With Thanksgiving coming up, this confusion can lead to overspending in an attempt to make the holiday more special. Knowing the difference between labels can help people avoid this issue.

Frozen: This is perhaps the most common label in most grocery stores. That is because frozen turkeys have the longest shelf life. However, the process of freezing the product does negatively affect the taste, according to the Fort Bend Herald. This label applies to birds that have been cooled after processed to a temperature of 0 degrees Fahrenheit. Since, most whole turkeys are not found in the freezer section of the market, they may also be labeled as “Previously Frozen”, but the process is still the same.

Fresh: Turkeys that have never been chilled below a temperature of 26 degrees Fahrenheit are labeled “Fresh”. The National Turkey Federation states that because turkeys do not freeze at 32 degrees Fahrenheit like water, but instead at around 26 degrees. This means the meat will not be as tough as birds labeled “Frozen”. They are also more convenient in the cooking process because they do not need time to thaw, but they do tend to cost more and have a shorter life span in the freezer or refrigerator.

Heritage: These turkeys are most likely not in supermarkets. Most heritage turkeys must be pre-ordered by local farms where they are raised. They are different from the common sold turkeys that are the Broad-Breasted White breed bird. Heritage breeds include Bourbon Red, Narragansett and the Jersey Bluff. They tend to have a gamier flavor and more dark meat than normal turkeys. Some culinary experts say that they are much more flavorful than commercial turkeys.

Young Turkey: A turkey that is less than eight months old is considered “young”, even though turkeys mature by four or five months. The birds are smaller than usual and thus they take less time to cook. They also tend to be juicier than older, larger birds. Of course, they also feed less people and can cost more than regular turkeys.

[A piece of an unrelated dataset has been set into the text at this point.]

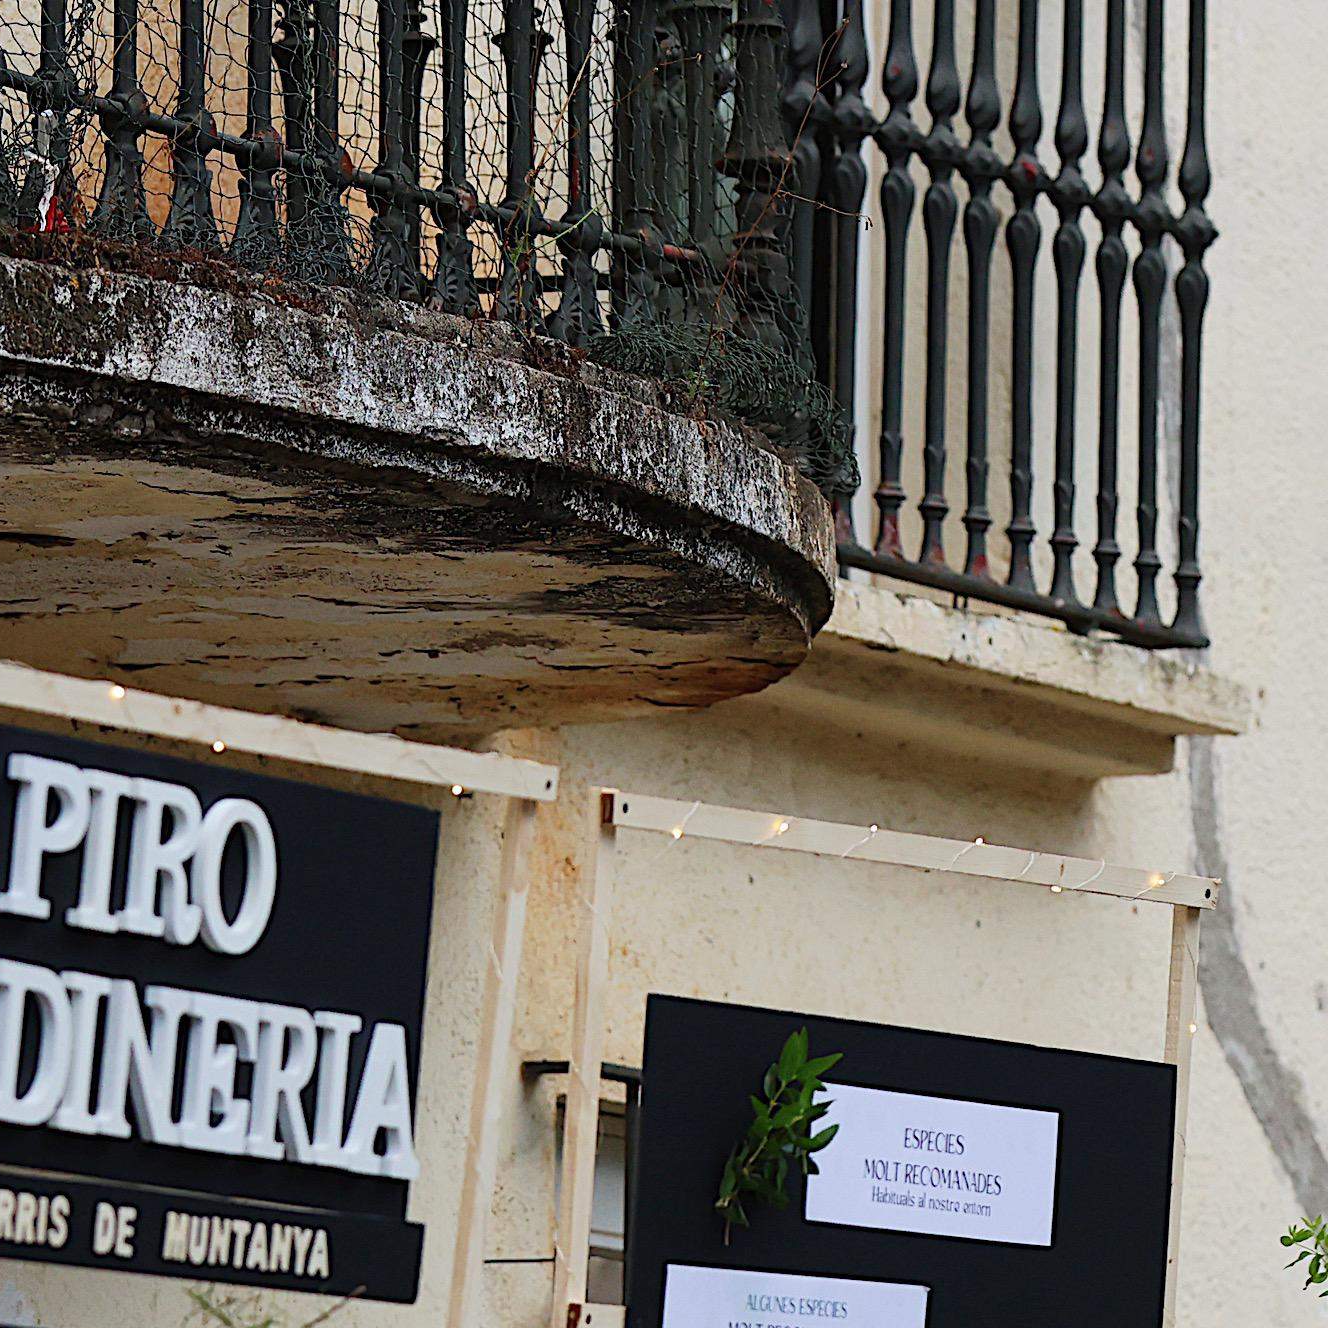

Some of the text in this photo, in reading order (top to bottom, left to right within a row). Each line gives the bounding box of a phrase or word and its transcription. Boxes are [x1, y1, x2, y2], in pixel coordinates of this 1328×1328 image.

Self-basting or basting turkeys: This label refers to turkeys which have been injected with chemicals approved by the USDA and FDA. These turkeys can be heavier and have different cooking instructions than other turkeys. These solutions are usually flavor enhancers of sodium based. It is matter of taste preference, but some believe these self-basting turkeys are too salty.

There are also premium labels which can mean different things depending on the company they were processed by. Cost-conscious consumers should not be discouraged; the method used in cooking turkeys can be just as vital if not more so in achieving the best flavor.